Information shown START

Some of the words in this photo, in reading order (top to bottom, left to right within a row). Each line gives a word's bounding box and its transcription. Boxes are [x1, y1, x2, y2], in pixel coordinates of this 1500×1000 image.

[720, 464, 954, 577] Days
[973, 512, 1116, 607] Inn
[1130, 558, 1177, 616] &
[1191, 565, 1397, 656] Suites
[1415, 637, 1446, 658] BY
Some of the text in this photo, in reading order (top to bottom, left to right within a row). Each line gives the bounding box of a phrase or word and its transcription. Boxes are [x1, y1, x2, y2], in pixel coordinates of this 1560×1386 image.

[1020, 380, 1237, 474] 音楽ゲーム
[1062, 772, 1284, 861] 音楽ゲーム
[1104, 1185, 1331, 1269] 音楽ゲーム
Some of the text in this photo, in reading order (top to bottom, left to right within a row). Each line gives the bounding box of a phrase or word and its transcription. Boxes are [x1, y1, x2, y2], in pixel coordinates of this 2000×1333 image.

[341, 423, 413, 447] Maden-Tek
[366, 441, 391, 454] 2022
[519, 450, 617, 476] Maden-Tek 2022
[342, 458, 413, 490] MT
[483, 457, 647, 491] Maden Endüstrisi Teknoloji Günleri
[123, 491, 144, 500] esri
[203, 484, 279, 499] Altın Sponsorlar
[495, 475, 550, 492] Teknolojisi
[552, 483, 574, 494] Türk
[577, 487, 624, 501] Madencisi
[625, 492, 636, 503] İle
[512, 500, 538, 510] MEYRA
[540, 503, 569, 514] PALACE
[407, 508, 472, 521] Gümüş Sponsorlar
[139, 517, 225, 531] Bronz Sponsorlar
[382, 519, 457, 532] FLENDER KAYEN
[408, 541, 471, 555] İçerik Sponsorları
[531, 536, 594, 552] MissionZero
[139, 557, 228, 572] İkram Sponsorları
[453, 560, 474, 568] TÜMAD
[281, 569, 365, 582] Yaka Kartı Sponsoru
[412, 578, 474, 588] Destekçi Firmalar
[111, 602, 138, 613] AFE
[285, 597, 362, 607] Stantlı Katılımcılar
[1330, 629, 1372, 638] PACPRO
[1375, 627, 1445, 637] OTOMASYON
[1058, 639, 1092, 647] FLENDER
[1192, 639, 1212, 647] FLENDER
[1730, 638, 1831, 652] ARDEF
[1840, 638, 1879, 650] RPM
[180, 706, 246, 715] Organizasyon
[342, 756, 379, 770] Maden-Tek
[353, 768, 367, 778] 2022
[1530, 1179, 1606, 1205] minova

Information shown END

* Problem to work on: With every line intact, print the records above again.

* Exercise solution:
Some of the words in this photo, in reading order (top to bottom, left to right within a row). Each line gives a word's bounding box and its transcription. Boxes are [x1, y1, x2, y2], in pixel coordinates of this 1500×1000 image.

[720, 464, 954, 577] Days
[973, 512, 1116, 607] Inn
[1130, 558, 1177, 616] &
[1191, 565, 1397, 656] Suites
[1415, 637, 1446, 658] BY
Some of the text in this photo, in reading order (top to bottom, left to right within a row). Each line gives the bounding box of a phrase or word and its transcription. Boxes are [x1, y1, x2, y2], in pixel coordinates of this 1560×1386 image.

[1020, 380, 1237, 474] 音楽ゲーム
[1062, 772, 1284, 861] 音楽ゲーム
[1104, 1185, 1331, 1269] 音楽ゲーム
Some of the text in this photo, in reading order (top to bottom, left to right within a row). Each line gives the bounding box of a phrase or word and its transcription. Boxes are [x1, y1, x2, y2], in pixel coordinates of this 2000×1333 image.

[341, 423, 413, 447] Maden-Tek
[366, 441, 391, 454] 2022
[519, 450, 617, 476] Maden-Tek 2022
[342, 458, 413, 490] MT
[483, 457, 647, 491] Maden Endüstrisi Teknoloji Günleri
[123, 491, 144, 500] esri
[203, 484, 279, 499] Altın Sponsorlar
[495, 475, 550, 492] Teknolojisi
[552, 483, 574, 494] Türk
[577, 487, 624, 501] Madencisi
[625, 492, 636, 503] İle
[512, 500, 538, 510] MEYRA
[540, 503, 569, 514] PALACE
[407, 508, 472, 521] Gümüş Sponsorlar
[139, 517, 225, 531] Bronz Sponsorlar
[382, 519, 457, 532] FLENDER KAYEN
[408, 541, 471, 555] İçerik Sponsorları
[531, 536, 594, 552] MissionZero
[139, 557, 228, 572] İkram Sponsorları
[453, 560, 474, 568] TÜMAD
[281, 569, 365, 582] Yaka Kartı Sponsoru
[412, 578, 474, 588] Destekçi Firmalar
[111, 602, 138, 613] AFE
[285, 597, 362, 607] Stantlı Katılımcılar
[1330, 629, 1372, 638] PACPRO
[1375, 627, 1445, 637] OTOMASYON
[1058, 639, 1092, 647] FLENDER
[1192, 639, 1212, 647] FLENDER
[1730, 638, 1831, 652] ARDEF
[1840, 638, 1879, 650] RPM
[180, 706, 246, 715] Organizasyon
[342, 756, 379, 770] Maden-Tek
[353, 768, 367, 778] 2022
[1530, 1179, 1606, 1205] minova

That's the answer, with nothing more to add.